João, Porto | 13/05/09 14:37
Quatro anos e meio de propaganda constante do governo do “menino de ouro do PS” (Dias Loureiro o disse) resultam num balanço miserável. Só perdemos lugares no ranking de desenvolvimento europeu; o desemprego vai para os 10% este ano; estamos hoje com uma dívida pública (87% do PIB em 2009 segundo a OCDE), um déficit orçamental (que vai ser, agora sim, superior a 6%) e um déficit comercial (23,3 mil milhões de euros em 2008) colossais; não há obra nenhuma relevante e consensual para apresentar; foram retirados direitos sociais; a recessão é mais grave do que na grande maioria dos países da zona Euro (facto largamente escamoteado); há desertificação do interior do país; já nem se fala da Agricultura ou do sector pesqueiro; agrava-se a desindustrialização do país; o IDE foi afinal inflacionado nestes 4 anos e meio pelo Banco de Portugal (na realidade decresceu e está a fugir de Portugal); a corrupção alastra, totalmente impune; a criminalidade disparou; etc. É caso para dizer que a imprensa de referência andou a dormir ou foi habilmente anestesiada por algum falso “engenheiro” ou por arreigados preconceitos ideológicos este tempo todo. Sejamos claros: Sócrates é um "bluff" mediático.

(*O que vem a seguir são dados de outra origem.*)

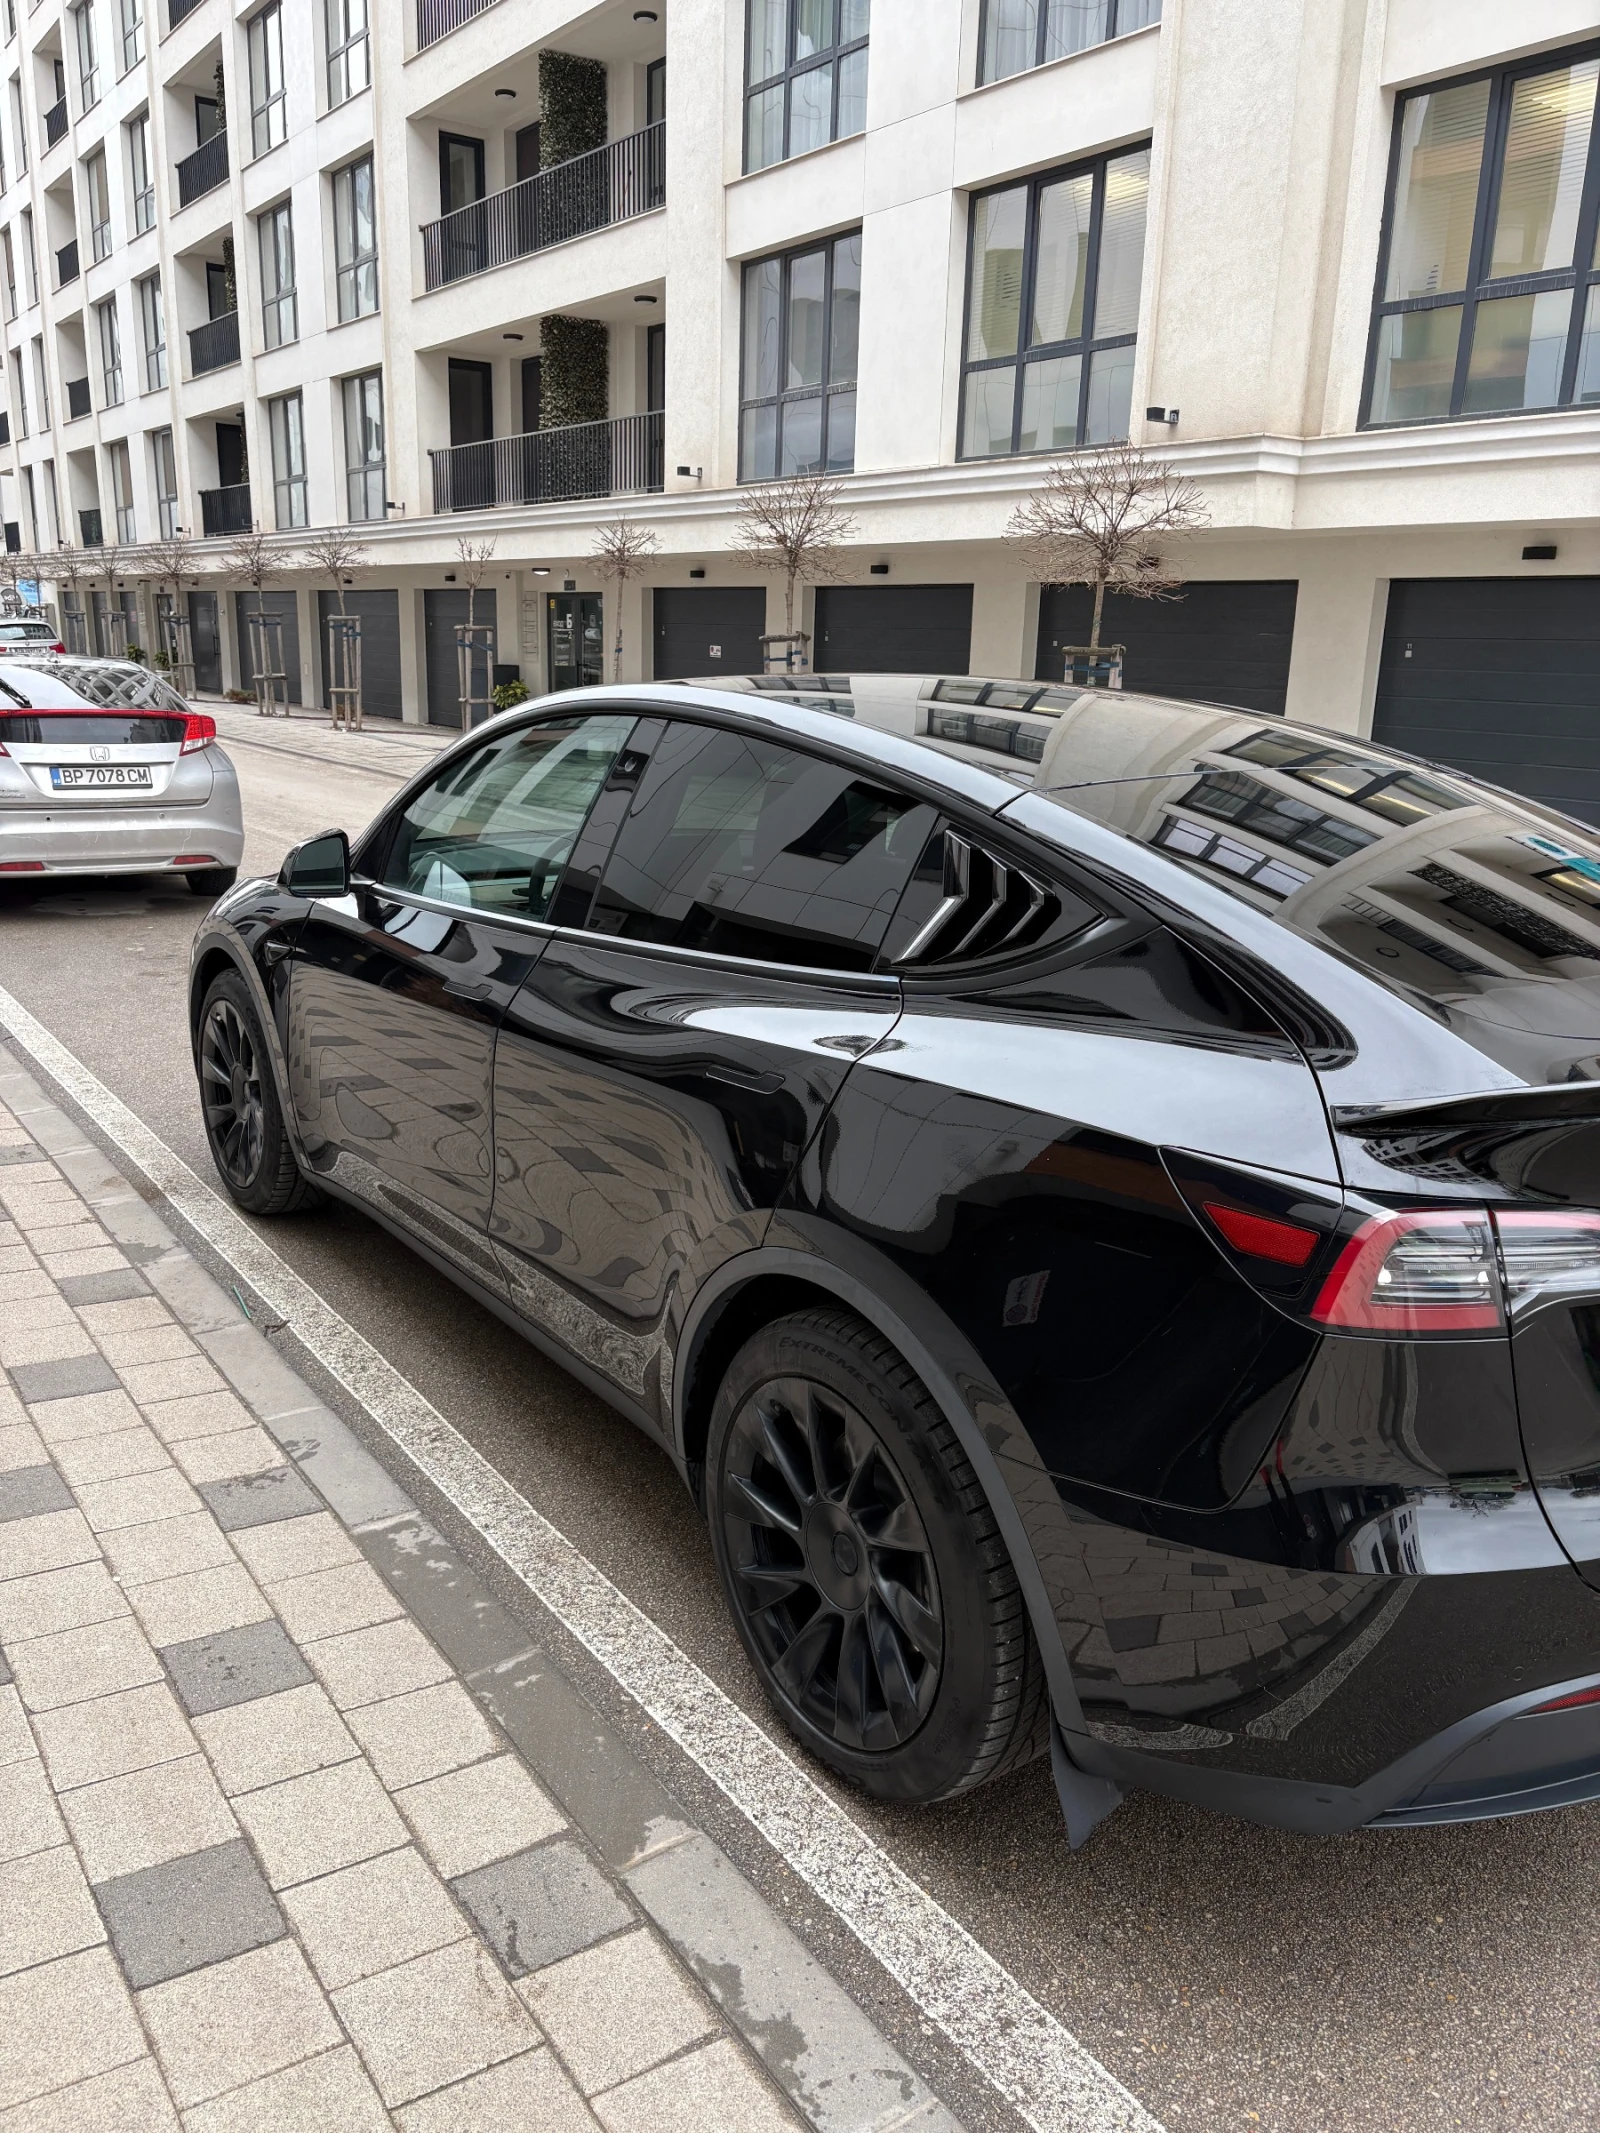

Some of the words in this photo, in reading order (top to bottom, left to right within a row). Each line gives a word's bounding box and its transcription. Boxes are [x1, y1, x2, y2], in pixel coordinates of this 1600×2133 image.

[62, 769, 83, 784] BP
[86, 769, 125, 784] 7078
[127, 768, 149, 783] CM

JCosta, Cairo | 13/05/09 13:49
Neolib/neocons, estouraram a economia, o povo em geral estava tudo convencido que eramos um pais rico, porque havia duas ou tres familias na lista da Forbes. Delirio subdesenvolvimentista. Baixar salarios e atirar o caos social para o meio das ruas.

O que e preciso e criminalizar essa gentalha que atirou o mundo para o caos economico e retirar lhes a influencia que, pornograficamente, continuam a deter; Agencias de rating, fundos sem rosto, comentaristas traficantes de influencia etc. Deixem os salarios em paz e nao canibalizem mais a classe media, que e o unico garante de sociedades socialmente modernas.


Realista, Porto | 13/05/09 10:20
O autor deste artigo pertence ao lobby dos economistas neoliberais que de vez em quando aparecem nos media a arengar contra os investimentos públicos, por causa do “endividamento externo”. Registo que o autor não defende a redução de salários. Uf, que alívio. Mas ainda assim….. O autor começa por referir (como de costume) o aumento brutal da dívida externa. A que se refere, concretamente? À dívida pública? Olhe que não é assim tão brutal. Há países bem pior (a Itália, Grécia, Irlanda, Bélgica, etc) e, com os recentes estímulos económicos por parte de alguns países, vai ver que ficamos a meio da tabela. Depois, sabe qual a parcela da dívida que é externa? É que há muitos certificados de aforro e obrigações detidos por portugueses. Está a pensar no deficit (crónico) nas contas com o exterior? Tem razão, mas porque pensa que a solução está só no incremento das exportações (ainda por cima de bens materiais)? Por que não actuar também nas importações, de petróleo, por exemplo, o grande causador do deficit, (com as barragens que os neolibs tanto odeiam), de produtos agrícolas (as políticas neolib deram cabo da agricultura), etc.? Por que não apostar mais no desenvolvimento do interior (que as políticas neolib têm desertificado) em vez das Qimondas e componentes automóvel?


bm, | 13/05/09 09:19
A questão em Portugal e em boa parte do mundo está em que 2% da população tem 90% dos rendimentos, e isso é que está a causar o caos. Se o dinheiro fosse bem dividido as coisas estavam bem melhor.
Um raciocinio simples: acham que um multimilionario come por 1000pessoas? que compra carros por 1000 pessoas? que compra casas por 1000 pessoas?
É preciso é classe média, que em Portugal está a ser perseguida e roubada por um Estado guloso e clientelista, e isto independentemente dos partidos: PS, PSD, PP, BE, PCP... todos mamões..


LOPES CARLOS, Bruxelas | 13/05/09 08:45
É a produtividade/competitividade internacional que fixa o nivel dos salarios.
Salarios artificiais só provocam falencias e desemprego.